By Olivia Condous
Melton residents are still being drastically affected by local doctor shortages, as the entire state’s healthcare system continues to struggle.
While the most recent crisis concerns the number of bulk-billing GP clinics across Victoria dwindling, many Melton residents have reported they can’t get an appointment at all.
Melton resident Aileen Battye said she travelled more than an hour to take her two year old son to see her previous regular GP in the eastern suburbs.
“Everytime my son gets sent home from childcare for a sniffle… it can be about two or three days before I can get him into our regular doctor,” she said.
“I can’t get anything local, so I’ve got to travel out of the area.”
“It means I have to take days off work for it and I still have to pay his childcare fees for those days as well,” Ms Battye said.
“It creates a lot of stress and pressure… [and] frustration.”
On a social media post, other Melton residents shared similar frustrations about a lack of available appointments locally.

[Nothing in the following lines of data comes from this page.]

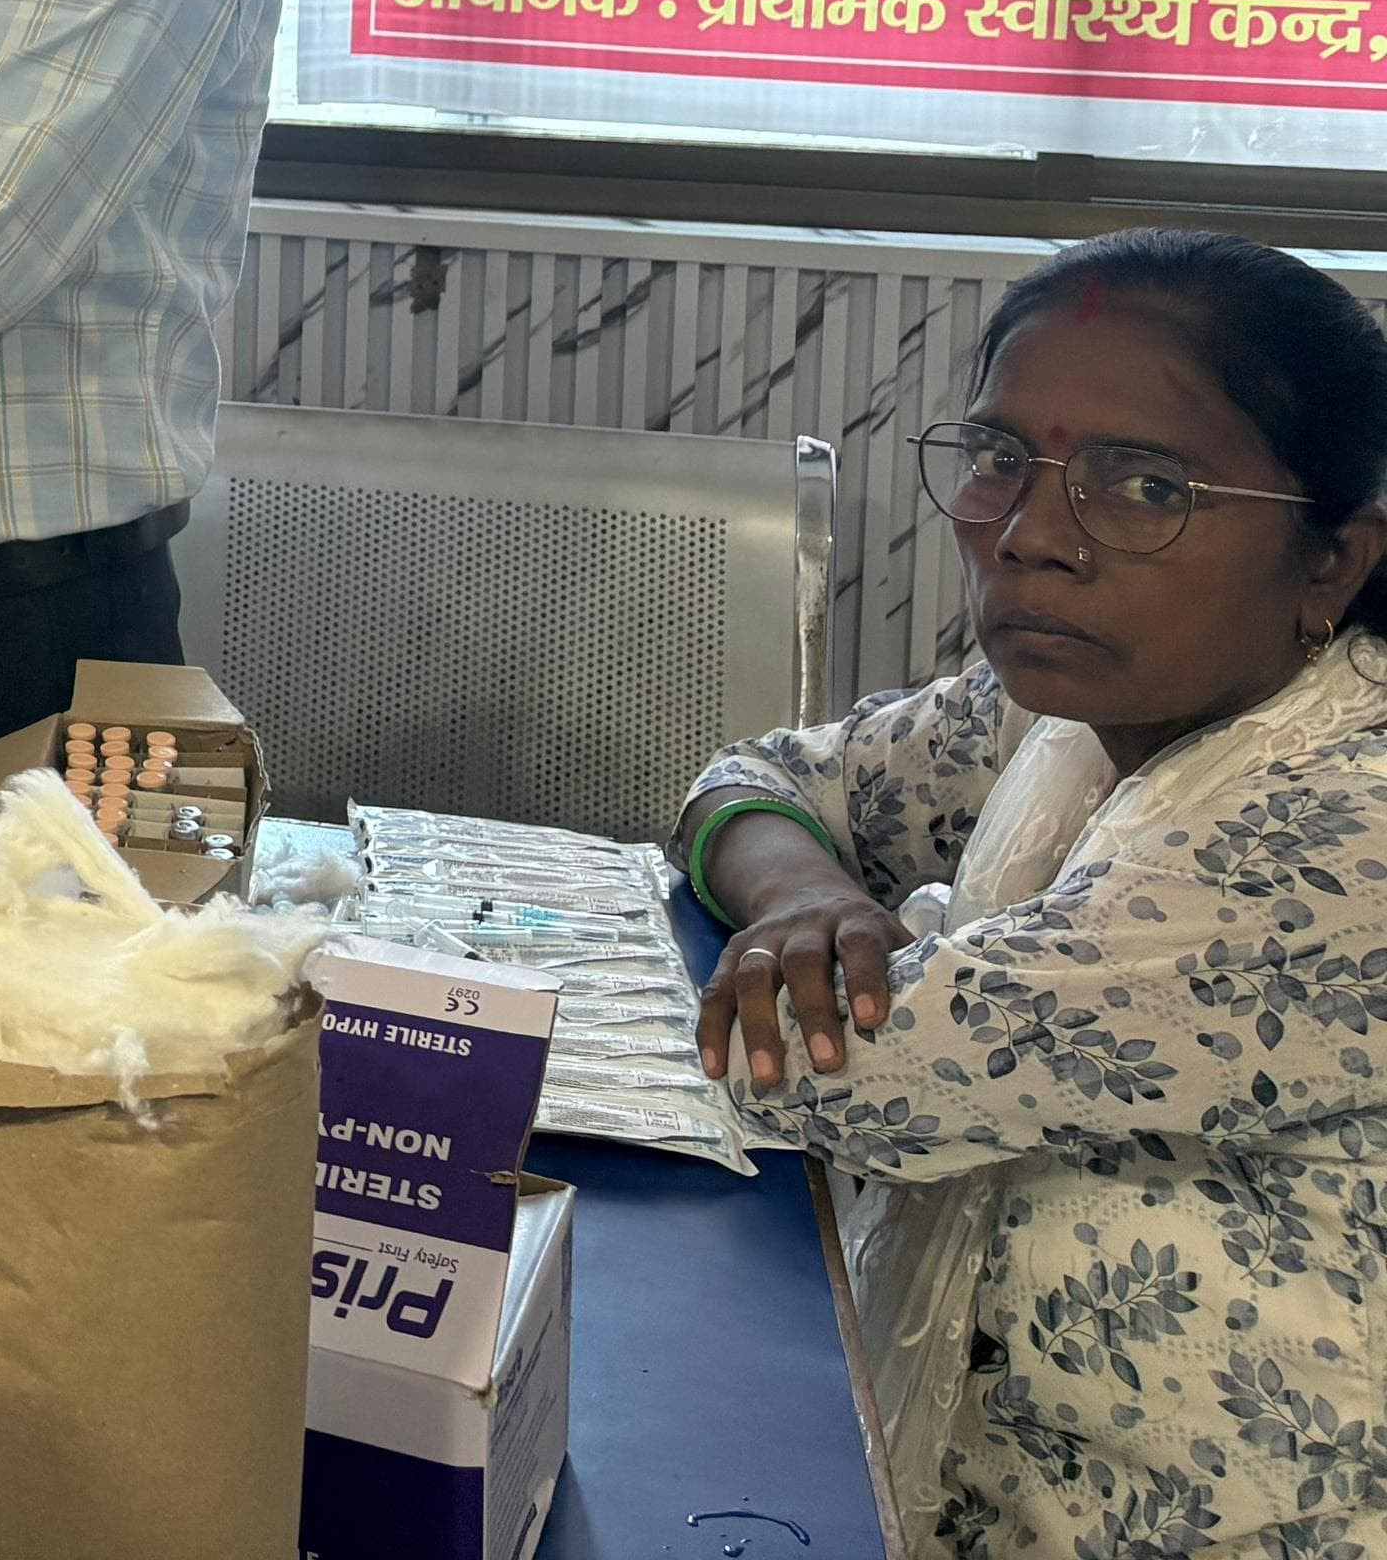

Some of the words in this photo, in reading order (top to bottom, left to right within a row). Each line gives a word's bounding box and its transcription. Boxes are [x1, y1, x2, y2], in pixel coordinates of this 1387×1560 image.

[447, 986, 481, 1001] 0297
[321, 1012, 379, 1040] HYPO
[385, 1025, 473, 1057] STERILE
[315, 1161, 443, 1211] STERIL
[413, 1246, 460, 1274] Safety
[312, 1249, 455, 1340] Pris

“You can’t get an appointment anywhere, places aren’t taking new patients and when you try to book at your regular clinic they are booked out two plus weeks,” one resident said.

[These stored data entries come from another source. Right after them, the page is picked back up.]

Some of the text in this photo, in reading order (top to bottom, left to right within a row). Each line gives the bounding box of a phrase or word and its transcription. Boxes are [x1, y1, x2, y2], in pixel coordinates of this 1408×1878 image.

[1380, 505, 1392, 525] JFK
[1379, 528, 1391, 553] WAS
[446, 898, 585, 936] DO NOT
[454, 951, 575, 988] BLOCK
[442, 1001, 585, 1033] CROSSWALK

“This is why I travel to Gisborne to see a doctor, a few friends have started going there now, what a joke having to wait two plus weeks to see a doctor,” another resident said.
In a letter to Melton mayor Goran Kesic, Western Victoria MP Gayle Tierney said a solution to increase the number of local GPs was a “challenging issue.”.
“I fully appreciate that your community is experiencing substantive population growth, and this makes it even more imperative that a solution to increase the number of local GPs is explored and implemented,” Ms Tierney said.